Tym razem kroki wyglądają następująco:- Formatuję dwie partycje nowego dysku (wyszło tak, że C: to ta „ukryta” partycja Windows 7 o pojemności ~400MB, a D: to „partycja z Windows”)
-
Uruchamiam komputer z płyty DVD Windows:
» Napraw komputer » Wiersz polecenia
Odnajduję dysk zewnętrzny z plikami .swm i imagex i klepię na podstawie tego co widziałem oczkami w pliku XML:
imagex /ref 112358XSP*.swm /apply 112358XSP.swm 1 c:\
imagex /ref 112358XSP*.swm /apply 112358XSP.swm 2 d:\
Testowo uruchamiam komputer z dysku — zgłasza się TrueCrypt o hasło. Po podaniu hasła wyświetla błąd bootloadera. -
Restartuję komputer i ponownie uruchamiam z płyty:
» Napraw komputer
Pozwalam mu się samonaprawić przy uruchomieniu.

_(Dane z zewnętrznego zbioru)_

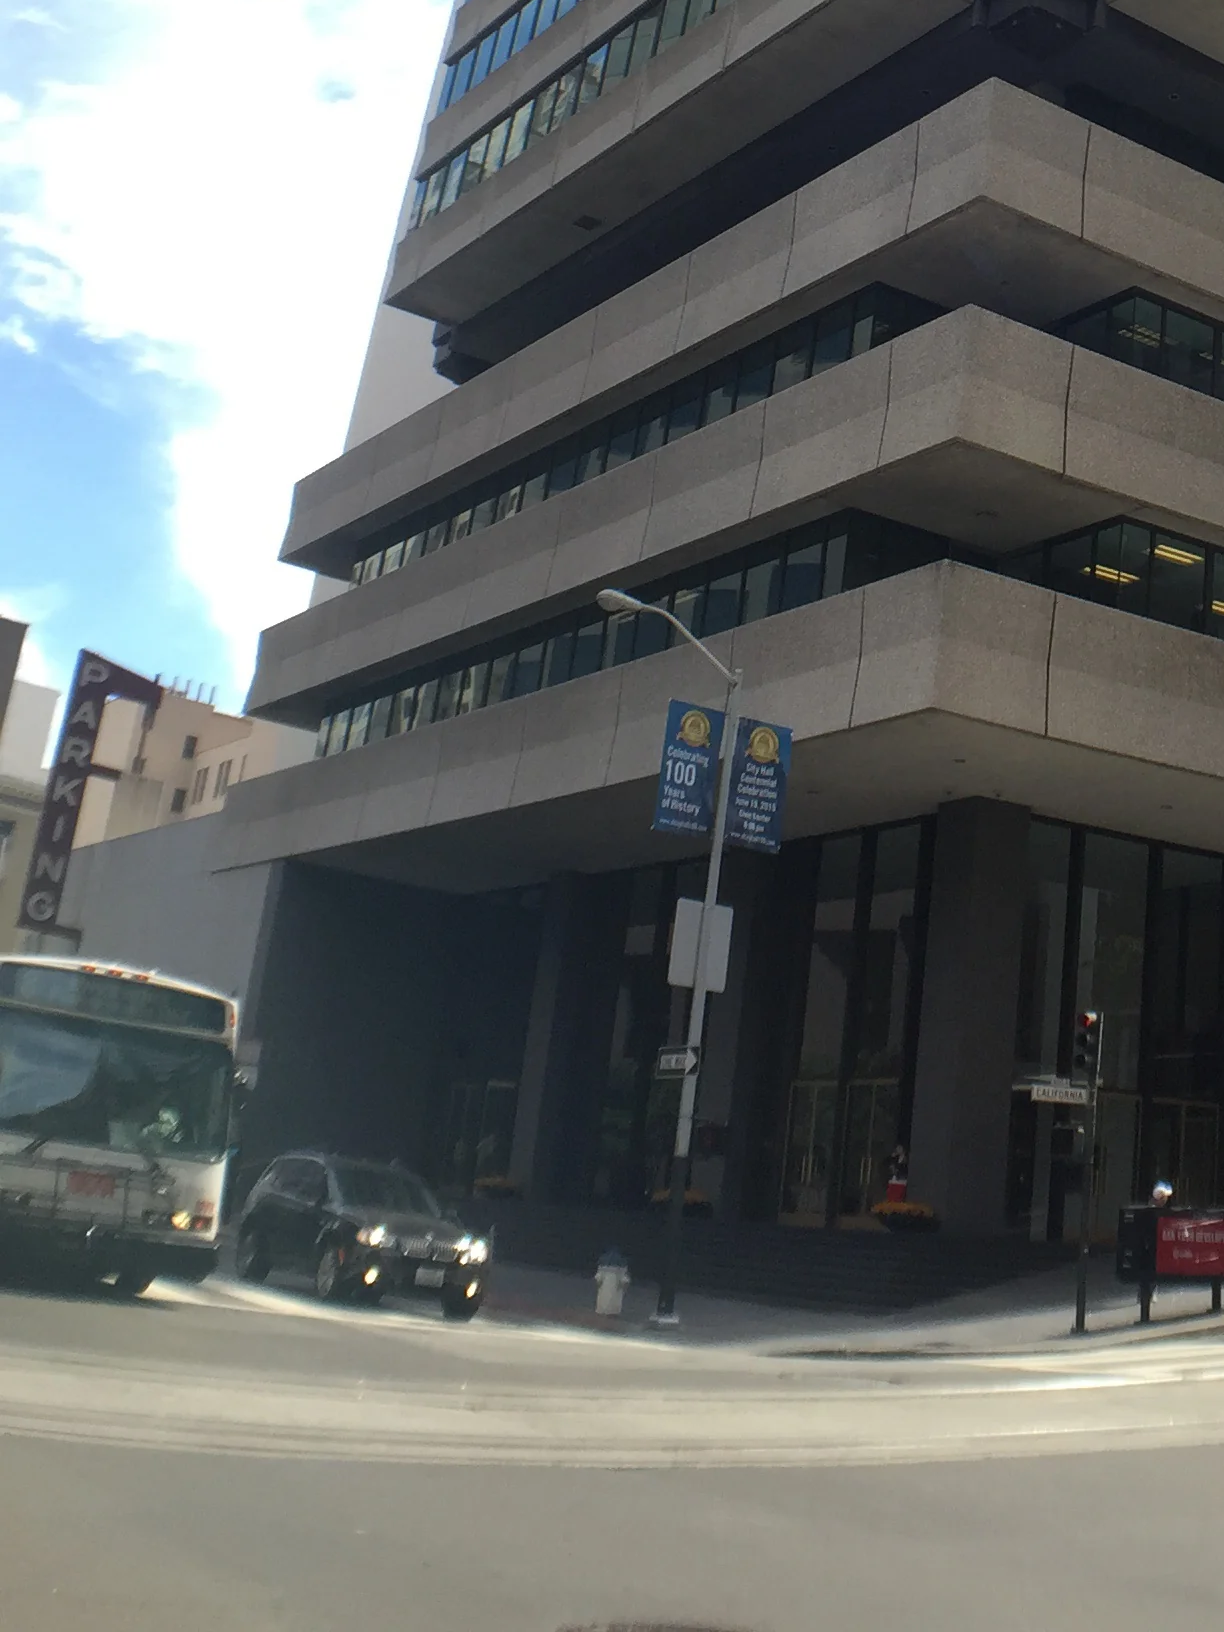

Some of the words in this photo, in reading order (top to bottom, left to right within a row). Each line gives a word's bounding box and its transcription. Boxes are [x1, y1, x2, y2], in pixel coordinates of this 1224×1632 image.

Ponownie testowo uruchamiam komputer z dysku — ponownie zgłasza się TrueCrypt o hasło. Po podaniu hasła ponownie wyświetla błąd bootloadera. -
Restartuję komputer i raz jeszcze uruchamiam z płyty
» Napraw Komputer » Wiersz polecenia
bootrec /fixmbr (co wywala bootloader TrueCrypt i zapisuje czysty, goły, działający) - Restartuję komputer i działa, odzyskiwanie idzie pełną parą
BAD_POOL_CALLER STOP: 0x000000c2
BSOD. Zły. Niebieski. Z tajemnym kodem błędu zrozumiałbym tylko dla pracowników Microsoftu z odpowiednimi uprawnieniami. BSOD.
Pojawia się znikąd. Laptop sobie działa, działa, a nagle *łup*. BSOD. Mało tego, instaluję nowy system… BSOD! Wszystkie testy — dysk, pamięć, testy producenta na cztery litery, grzanie CPU, pół dnia używania Ubuntu z „patyka” — przechodzi bez problemu.
Kilka godzin później spędzonych na przekopywaniu setek BAD_POOL_CALLER‑ów się poddaję. Jednak jedna rzecz nie daje mi spokoju. Przycisk od zasilania trzeba wyjątkowo głęboko wciskać. Może to zboczenie, ale po prostu nie miałem serca oddać go z… uszkodzonym przyciskiem. Otworzyłem go raz jeszcze, tym razem od strony klawiatury i znalazłem powód wadliwego działania przycisku — gumka się odkleiła i przesunęła o kilka milimetrów.
W szufladzie miałem akurat superszybki klej, a trupowi to przecież nie zrobi różnicy. Wkleiłem wszystko na swoje miejsce, skręciłem i… działa.